Os números do aproveitamento abusivo da mão de obra no país foram repassados à
Agência Brasil na última sexta-feira (24) pelo MTE. De acordo com as fontes
ouvidas pela reportagem, é provável que esses dados, ainda que superlativos,
subestimem a exploração ilegal da força de trabalho no Brasil. Segundo as
fontes, o quadro de auditores fiscais do trabalho está defasado há anos.

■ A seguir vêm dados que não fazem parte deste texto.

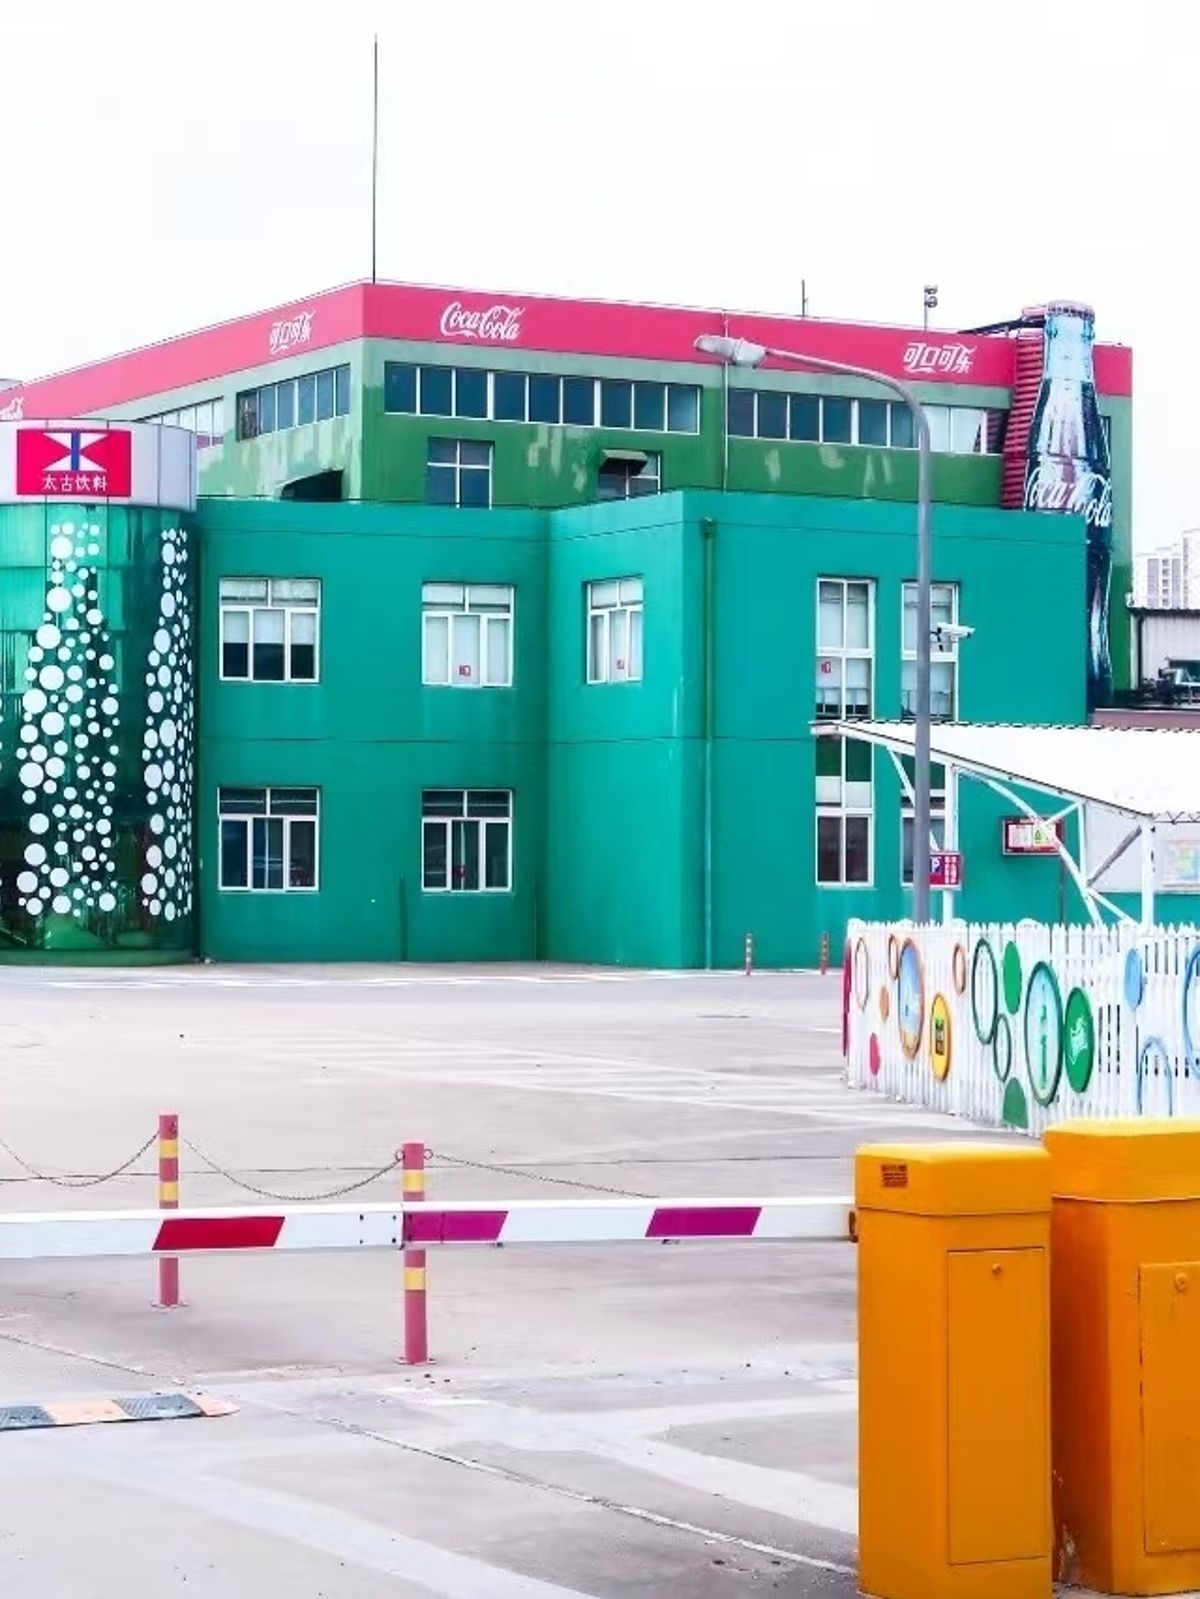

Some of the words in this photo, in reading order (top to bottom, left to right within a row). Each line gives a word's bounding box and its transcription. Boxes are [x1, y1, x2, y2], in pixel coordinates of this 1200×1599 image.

“Se nós tivéssemos o número pleno de auditores fiscais do trabalho, mais
operações possivelmente teriam sido realizadas e mais criminosos infratores
teriam sido incluídos na lista daqueles que cometem a prática e o crime de
trabalho escravo e de submissão ao trabalhador a condições degradantes”, afirma
o presidente do Sindicato Nacional dos Auditores Fiscais do Trabalho (Sinait),
Bob Everson Carvalho Machado.
“Hoje nós temos na ativa 1.917 auditores, de um quadro possível de 3.644”, diz
Machado. “É uma situação gravíssima que, obviamente, impacta em todas as áreas
de atuação da inspeção do trabalho.”
Conforme Machado, a carência tem efeitos negativos em várias atribuições do
MTE. “Impacta, por exemplo, na fiscalização do trabalho escravo. Impacta na
fiscalização do cumprimento da legislação trabalhista. Impacta na busca por
ambientes de seguros de trabalho, não combatendo assim os acidentes no local de
trabalho. Impacta no combate às piores formas de trabalho infantil. Impacta na
fiscalização do recolhimento do Fundo de Garantia do Tempo de Serviço (FGTS),
na inserção de pessoas com deficiência no mercado de trabalho e também na
inserção de aprendizes.”
Denúncias não apuradas
A carência de auditores fiscais do MTE é lamentada por procuradores do
Ministério Público do Trabalho (MPT). “Em 2023, já foram mais de 3,5 mil
denúncias que chegaram aos órgãos públicos sobre trabalho em condições análogas
à escravidão. O atual quadro de auditores torna quase impossível, ou
inviabiliza que todas as denúncias sejam fiscalizadas”, reclama o coordenador
nacional de Combate ao Trabalho Escravo e Enfrentamento ao Tráfico no MPT,
Luciano Aragão Santos.
Aragão assinala que o “prejuízo imediato é dos trabalhadores”, inclusive quando
têm direito a benefícios previstos em lei. “O governo concede o
seguro-desemprego especial, em três parcelas, para trabalhadores e
trabalhadoras resgatados. Mas, para essa liberação, é necessário que o auditor
fiscal esteja presente na força-tarefa [que flagra a exploração]. A
alternativa, quando eles não estão presentes, é o MPT ajuizar uma ação para
liberação judicial de seguro-desemprego. Mas, obviamente, é um processo mais
moroso do que a liberação administrativa feita pelo auditor no próprio momento
da fiscalização”, explica.
Segundo Aragão, a ausência de auditores nas forças-tarefas pode deixar impunes
os empregadores que cometem crimes. “Quando o auditor fiscal não participa, o
empregador acaba ficando imune e se livrando de uma série de autos de infração,
e uma série de multas administrativas que incidem.”
Novecentas vagas
O Ministério da Gestão e da Inovação em Serviços Públicos (MGI) anunciou que
900 vagas para auditores fiscais do trabalho serão ofertadas em concurso
público no primeiro trimestre de 2024. Essa será a carreira com mais vagas no
Concurso Nacional Unificado - 13,55% das 6.640 vagas. Como noticiado pela
Agência Brasil, i o edital deve ser publicado em 20 de dezembro.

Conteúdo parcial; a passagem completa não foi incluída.